Freedom Forward asked The Carlyle Group not to participate in the Saudi Future Investment Initiative (FII). Al-Rumayyan indicated to Rubenstein the FII is now an institution in the interview.
Carlyle owned a slice of the Domino's Pizza and Dunkin' Donuts in Saudi Arabia since 2011. The Carlyle Group cashed out when that company went public in July 2022. In a similar move the Saudi PIF took its Pizza Hut and KFC company public in November 2022.
Vision 2030 turned Saudi investing from night into day. Al-Rummayan's PIF turned professional golf from day into night.
It took FTX founder Sam Bankman-Fried two months to go from Rubenstein's peer into a disgraced fraudster. Al-Rumayyan's three year journey into villianry is not as apparent but it is driven by the same underlying pathology. The Saudi PIF plans to be a $2 trillion fund by 2030. It will get there by hook or by crook, using lots of smoke and mirrors to enhance the image of the Crown Prince along the way.
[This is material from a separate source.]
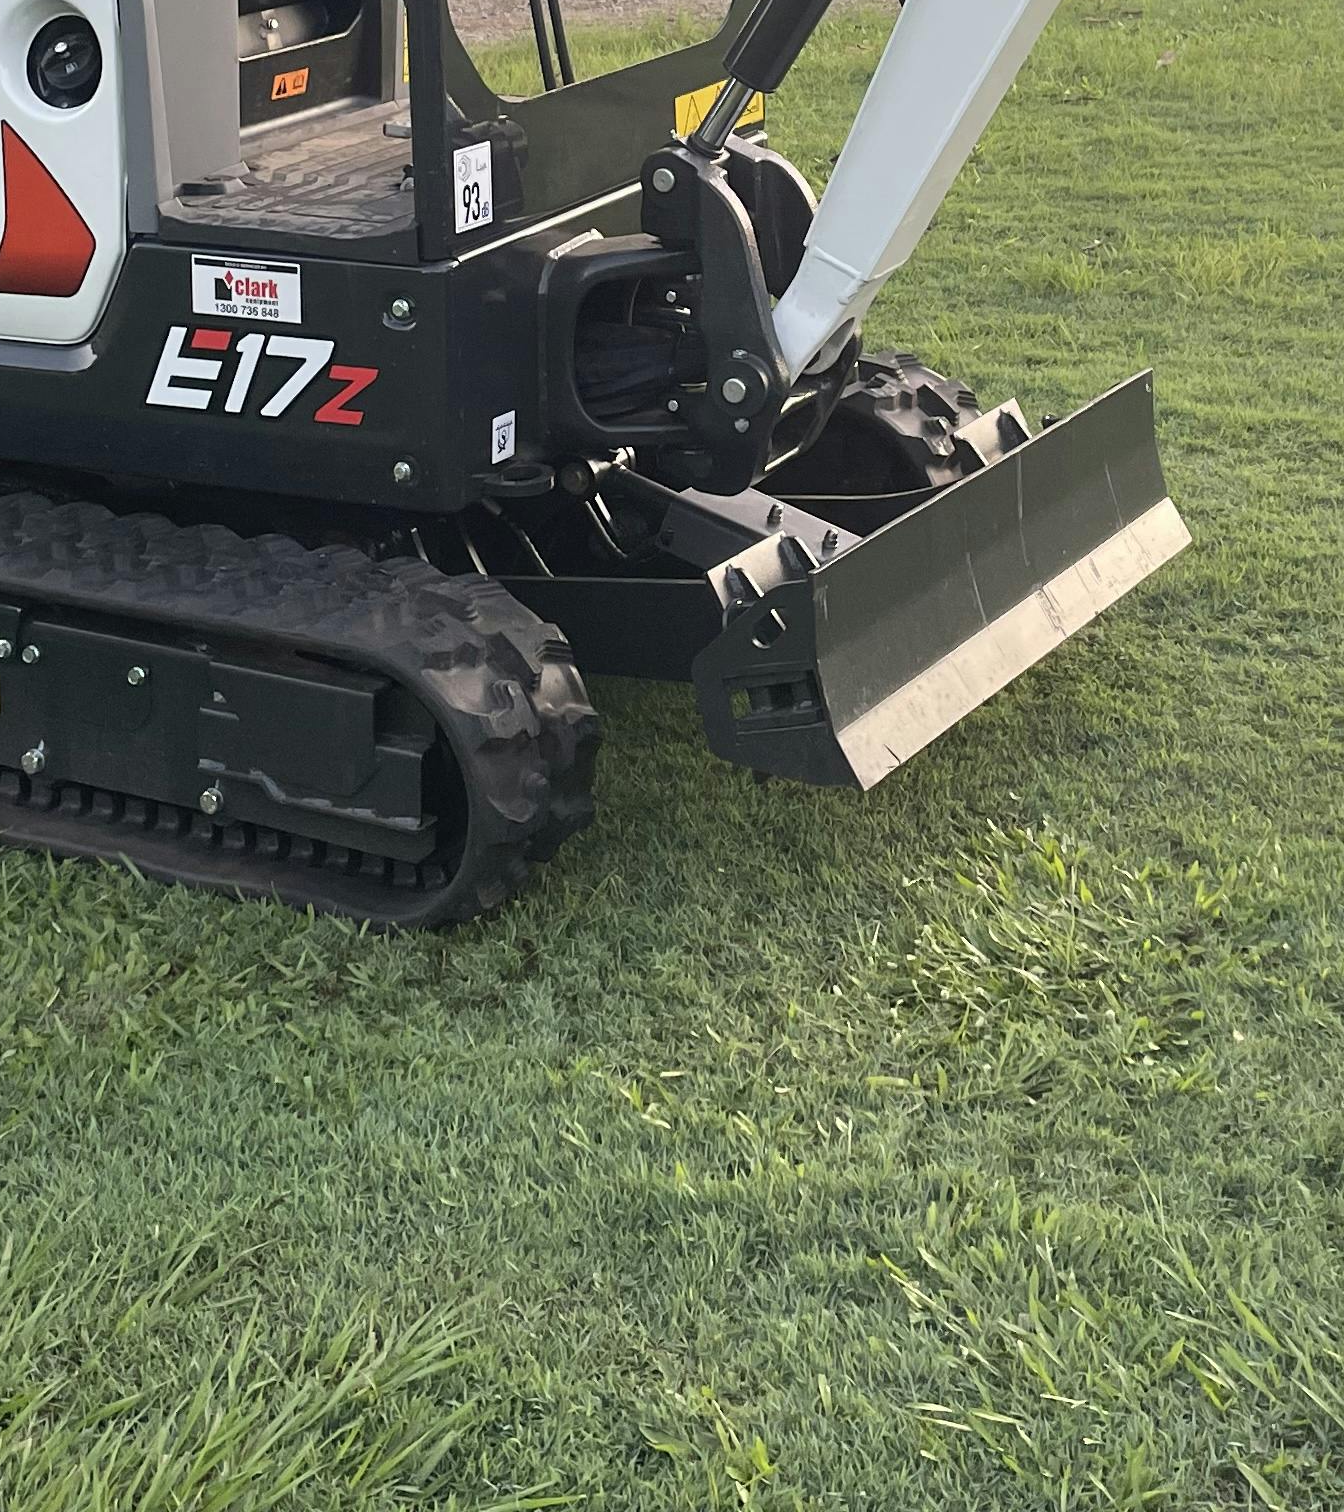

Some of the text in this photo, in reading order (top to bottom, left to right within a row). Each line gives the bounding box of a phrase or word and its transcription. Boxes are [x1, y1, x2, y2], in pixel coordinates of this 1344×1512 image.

[462, 181, 480, 224] 93
[235, 277, 279, 299] clark
[215, 303, 280, 318] 1300 736 848
“They’re scary motherfuckers to get involved with,” he said. “We know they killed [Washington Post reporter and U.S. resident Jamal] Khashoggi and have a horrible record on human rights. They execute people over there for being gay. Knowing all of this, why would I even consider it? Because this is a once-in-a-lifetime opportunity to reshape how the PGA Tour operates.
The PGA is being reshaped in the likeness of an unrestrained Saudi Crown Prince.
Time will reveal the next David Rubenstein "peer" to descend into a villain. Is he allowed to interview the "tax hating" side of himself?